(Task statement):
What follows is a set of records; give them all back exactly.

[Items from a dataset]
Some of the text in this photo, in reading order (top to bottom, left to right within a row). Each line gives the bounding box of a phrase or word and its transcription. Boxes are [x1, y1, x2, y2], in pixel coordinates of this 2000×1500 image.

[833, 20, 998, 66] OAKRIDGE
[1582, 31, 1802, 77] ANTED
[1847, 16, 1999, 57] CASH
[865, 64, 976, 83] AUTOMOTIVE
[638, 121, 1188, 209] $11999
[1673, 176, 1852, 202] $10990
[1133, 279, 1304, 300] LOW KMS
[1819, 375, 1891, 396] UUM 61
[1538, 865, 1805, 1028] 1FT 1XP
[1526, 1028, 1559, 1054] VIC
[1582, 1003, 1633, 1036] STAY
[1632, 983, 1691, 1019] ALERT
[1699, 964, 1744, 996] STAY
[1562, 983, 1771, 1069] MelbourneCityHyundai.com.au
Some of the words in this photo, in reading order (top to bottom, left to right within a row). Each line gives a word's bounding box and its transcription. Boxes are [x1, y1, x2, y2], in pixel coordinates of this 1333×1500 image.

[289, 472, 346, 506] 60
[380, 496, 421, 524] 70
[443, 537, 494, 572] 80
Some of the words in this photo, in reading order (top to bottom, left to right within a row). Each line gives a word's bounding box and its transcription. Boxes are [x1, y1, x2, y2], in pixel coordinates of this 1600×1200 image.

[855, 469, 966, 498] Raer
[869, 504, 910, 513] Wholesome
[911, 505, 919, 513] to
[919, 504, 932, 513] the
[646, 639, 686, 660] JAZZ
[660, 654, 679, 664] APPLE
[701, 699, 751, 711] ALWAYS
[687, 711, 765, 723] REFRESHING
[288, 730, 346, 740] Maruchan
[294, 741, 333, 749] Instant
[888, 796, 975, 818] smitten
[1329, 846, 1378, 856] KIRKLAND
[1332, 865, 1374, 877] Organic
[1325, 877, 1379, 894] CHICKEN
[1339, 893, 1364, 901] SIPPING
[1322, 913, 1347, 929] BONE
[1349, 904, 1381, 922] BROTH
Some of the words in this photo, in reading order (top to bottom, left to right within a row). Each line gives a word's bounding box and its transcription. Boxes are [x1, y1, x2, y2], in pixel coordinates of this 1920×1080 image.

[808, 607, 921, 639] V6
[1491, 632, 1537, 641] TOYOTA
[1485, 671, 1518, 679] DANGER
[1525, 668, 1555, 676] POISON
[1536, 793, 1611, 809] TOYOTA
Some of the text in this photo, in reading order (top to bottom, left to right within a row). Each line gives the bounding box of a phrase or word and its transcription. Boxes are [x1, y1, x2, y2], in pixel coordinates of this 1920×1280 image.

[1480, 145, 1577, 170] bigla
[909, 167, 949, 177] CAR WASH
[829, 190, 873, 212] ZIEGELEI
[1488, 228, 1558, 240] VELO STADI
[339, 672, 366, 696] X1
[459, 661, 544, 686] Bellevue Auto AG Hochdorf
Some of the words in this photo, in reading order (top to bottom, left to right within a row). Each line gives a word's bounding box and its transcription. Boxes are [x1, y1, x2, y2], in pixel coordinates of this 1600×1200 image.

(The answer):
Some of the text in this photo, in reading order (top to bottom, left to right within a row). Each line gives the bounding box of a phrase or word and its transcription. Boxes are [x1, y1, x2, y2], in pixel coordinates of this 2000×1500 image.

[833, 20, 998, 66] OAKRIDGE
[1582, 31, 1802, 77] ANTED
[1847, 16, 1999, 57] CASH
[865, 64, 976, 83] AUTOMOTIVE
[638, 121, 1188, 209] $11999
[1673, 176, 1852, 202] $10990
[1133, 279, 1304, 300] LOW KMS
[1819, 375, 1891, 396] UUM 61
[1538, 865, 1805, 1028] 1FT 1XP
[1526, 1028, 1559, 1054] VIC
[1582, 1003, 1633, 1036] STAY
[1632, 983, 1691, 1019] ALERT
[1699, 964, 1744, 996] STAY
[1562, 983, 1771, 1069] MelbourneCityHyundai.com.au
Some of the words in this photo, in reading order (top to bottom, left to right within a row). Each line gives a word's bounding box and its transcription. Boxes are [x1, y1, x2, y2], in pixel coordinates of this 1333×1500 image.

[289, 472, 346, 506] 60
[380, 496, 421, 524] 70
[443, 537, 494, 572] 80
Some of the words in this photo, in reading order (top to bottom, left to right within a row). Each line gives a word's bounding box and its transcription. Boxes are [x1, y1, x2, y2], in pixel coordinates of this 1600×1200 image.

[855, 469, 966, 498] Raer
[869, 504, 910, 513] Wholesome
[911, 505, 919, 513] to
[919, 504, 932, 513] the
[646, 639, 686, 660] JAZZ
[660, 654, 679, 664] APPLE
[701, 699, 751, 711] ALWAYS
[687, 711, 765, 723] REFRESHING
[288, 730, 346, 740] Maruchan
[294, 741, 333, 749] Instant
[888, 796, 975, 818] smitten
[1329, 846, 1378, 856] KIRKLAND
[1332, 865, 1374, 877] Organic
[1325, 877, 1379, 894] CHICKEN
[1339, 893, 1364, 901] SIPPING
[1322, 913, 1347, 929] BONE
[1349, 904, 1381, 922] BROTH
Some of the words in this photo, in reading order (top to bottom, left to right within a row). Each line gives a word's bounding box and its transcription. Boxes are [x1, y1, x2, y2], in pixel coordinates of this 1920×1080 image.

[808, 607, 921, 639] V6
[1491, 632, 1537, 641] TOYOTA
[1485, 671, 1518, 679] DANGER
[1525, 668, 1555, 676] POISON
[1536, 793, 1611, 809] TOYOTA
Some of the text in this photo, in reading order (top to bottom, left to right within a row). Each line gives the bounding box of a phrase or word and its transcription. Boxes are [x1, y1, x2, y2], in pixel coordinates of this 1920×1280 image.

[1480, 145, 1577, 170] bigla
[909, 167, 949, 177] CAR WASH
[829, 190, 873, 212] ZIEGELEI
[1488, 228, 1558, 240] VELO STADI
[339, 672, 366, 696] X1
[459, 661, 544, 686] Bellevue Auto AG Hochdorf
Some of the words in this photo, in reading order (top to bottom, left to right within a row). Each line gives a word's bounding box and its transcription. Boxes are [x1, y1, x2, y2], in pixel coordinates of this 1600×1200 image.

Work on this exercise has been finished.